250k. No calls no weekends 7-3pm.

Do one patient at a time. That's fine with me.

W2 benefits. Call out sick. Get paid. Don't give a F about "team work". Gotta take care of yourself

This is why Crna's have high satisfaction rate.

Seems way too high of a salary for those hours if competing with CRNAs for basic cases. That is basically pretty close to the salary now.

I figure they want to pay about 180K for that type of position with W2 benefits and 250K or so for full work schedule with call every 4 days or so in the future.
 
How much lower pay would you accept considering the liability?
Hard to say.

Somewhere in the neighborhood of $170/hr to sit my own cases and/or supervise residents.

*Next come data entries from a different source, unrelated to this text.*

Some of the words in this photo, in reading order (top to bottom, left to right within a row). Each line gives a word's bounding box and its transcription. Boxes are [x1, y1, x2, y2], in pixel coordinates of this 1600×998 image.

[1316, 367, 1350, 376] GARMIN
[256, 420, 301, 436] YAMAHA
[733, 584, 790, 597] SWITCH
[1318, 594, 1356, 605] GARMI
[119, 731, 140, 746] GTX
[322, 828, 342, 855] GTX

I'll have 5 years left on my military commitment when I finish fellowship next June. When I'm out of the Navy and collecting that pension (and have the associated healthcare benefits), that'll be about the time the houses are paid off, last kid is through college, so I'll have a certain degree of freedom to be picky. I have no real geographic ties or strong desires beyond avoiding harsh winters.

I'll find something I can live with somewhere. :)
 
Seems way too high of a salary for those hours if competing with CRNAs for basic cases. That is basically pretty close to the salary now.

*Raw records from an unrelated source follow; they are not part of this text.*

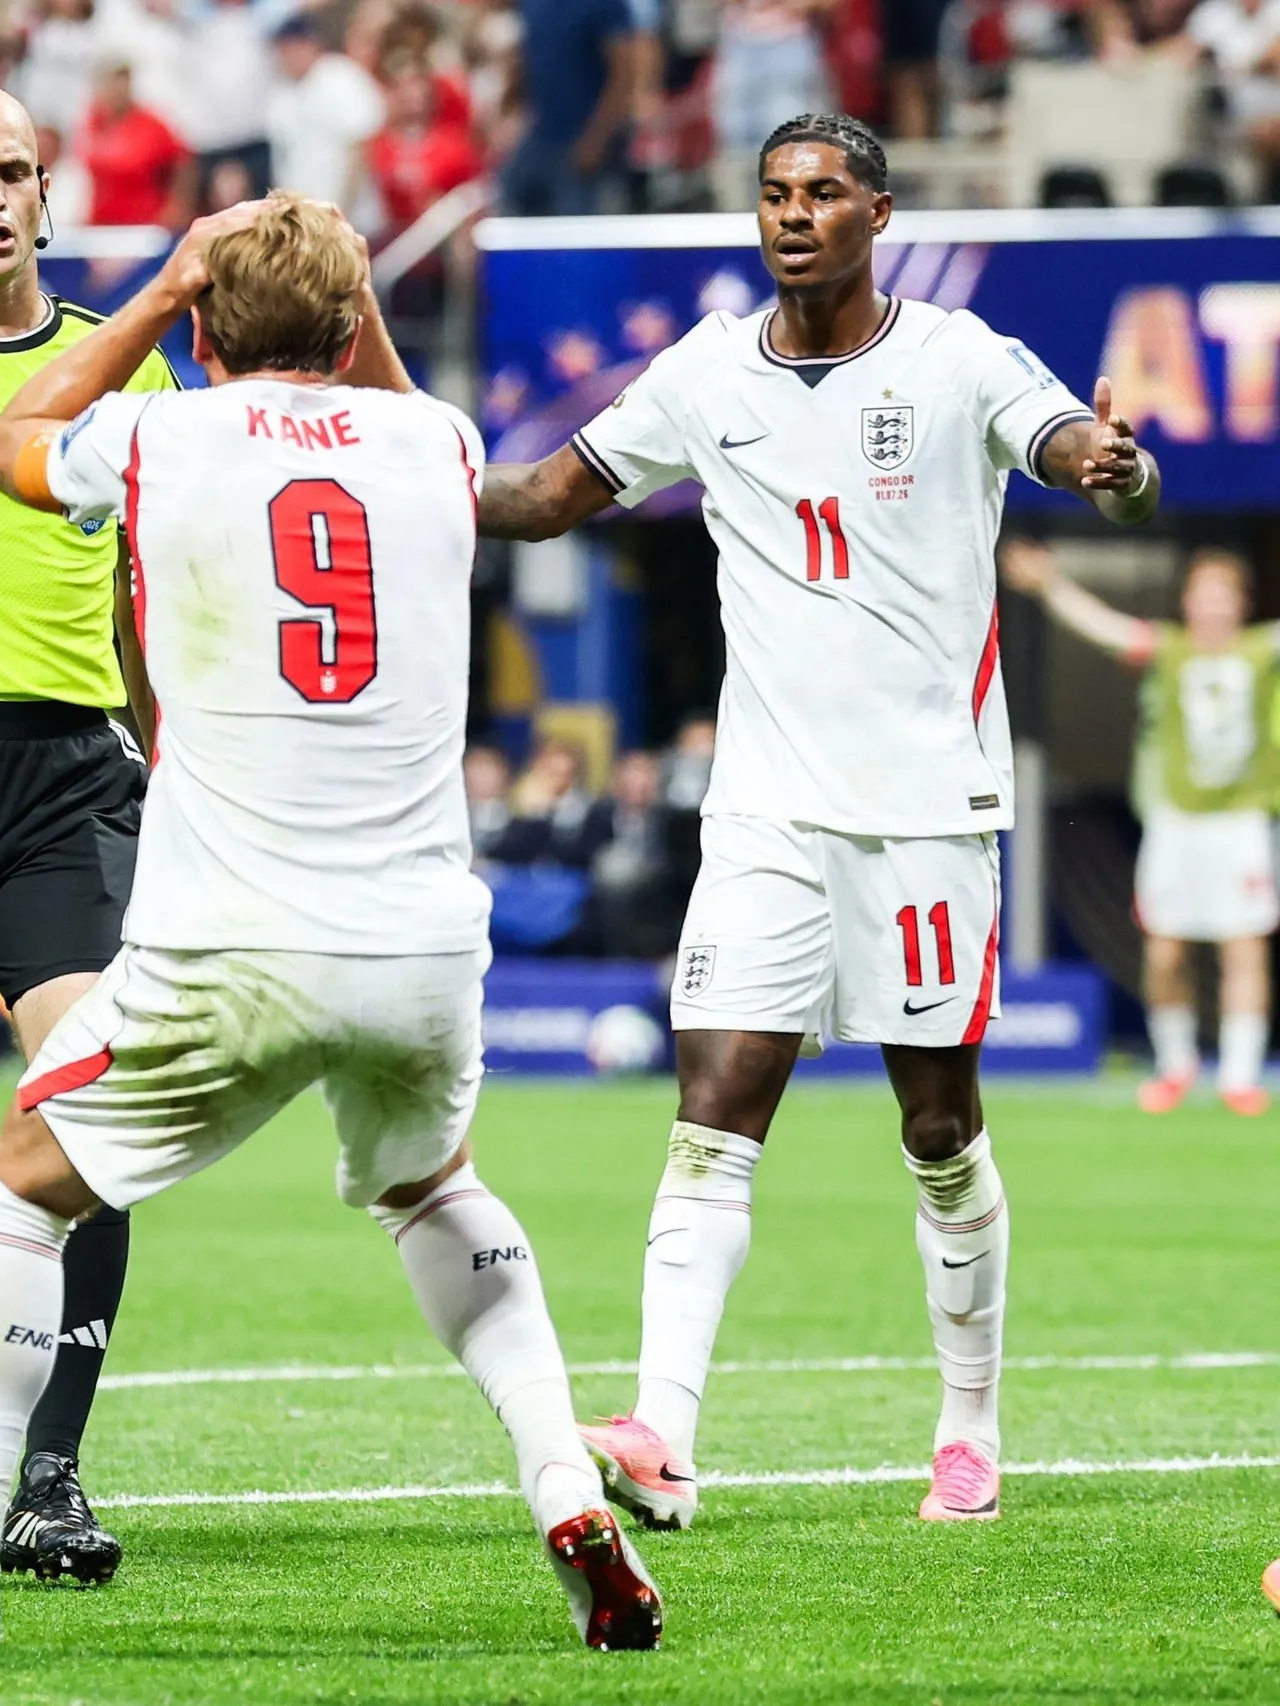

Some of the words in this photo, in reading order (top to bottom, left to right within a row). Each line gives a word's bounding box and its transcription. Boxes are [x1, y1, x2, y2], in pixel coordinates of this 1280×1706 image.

[245, 404, 361, 451] KANE
[868, 476, 899, 487] CONGO
[901, 474, 914, 485] DR
[795, 496, 850, 581] 11
[268, 478, 378, 703] 9
[896, 900, 956, 987] 11
[472, 1246, 527, 1272] ENG
[4, 1324, 54, 1351] ENG

I figure they want to pay about 180K for that type of position with W2 benefits and 250K or so for full work schedule with call every 4 days or so in the future.
Dude. I have a standing offer with a Cush 4 day a week for $350k no calls no weekends right now up north if I want it.

U smoking crack. Truly smoking crack

U got overpaid govt workers (Linda Tripp making 100k with no college education in 1998)

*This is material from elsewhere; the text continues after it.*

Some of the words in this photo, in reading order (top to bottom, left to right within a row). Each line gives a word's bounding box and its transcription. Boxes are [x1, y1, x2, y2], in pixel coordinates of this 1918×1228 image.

Many making 120k easily these days office job
 

Key thoughts on physician compensation in value-based healthcare

Written by Laura Dyrda (Twitter | Google+) | November 15, 2016 |

"After joining Covenant, the hospital scaled back from 200 physicians to around 130 physicians and reorganized the compensation plans."

"For physicians overseeing midlevel providers, Mr. Rice described a stipend-based model delivering $1,000 to $2,000 per person and stepping down the compensation level with each additional person the physician oversees. "We've seen some big numbers for what physicians are paid for [supervision of midlevel providers]," Mr. Rice said. "We think that's a changing area.""

http://www.beckershospitalreview.co...n-compensation-in-value-based-healthcare.html
 
Key thoughts on physician compensation in value-based healthcare
Written by Laura Dyrda (Twitter | Google+) | November 15, 2016 |

"After joining Covenant, the hospital scaled back from 200 physicians to around 130 physicians and reorganized the compensation plans."

"For physicians overseeing midlevel providers, Mr. Rice described a stipend-based model delivering $1,000 to $2,000 per person and stepping down the compensation level with each additional person the physician oversees. "We've seen some big numbers for what physicians are paid for [supervision of midlevel providers]," Mr. Rice said. "We think that's a changing area.""

http://www.beckershospitalreview.co...n-compensation-in-value-based-healthcare.html

Correct thats the future.

People above pretending because there are high salaries for easier jobs right now are not seeing that "future" the CEO/economists/etc see.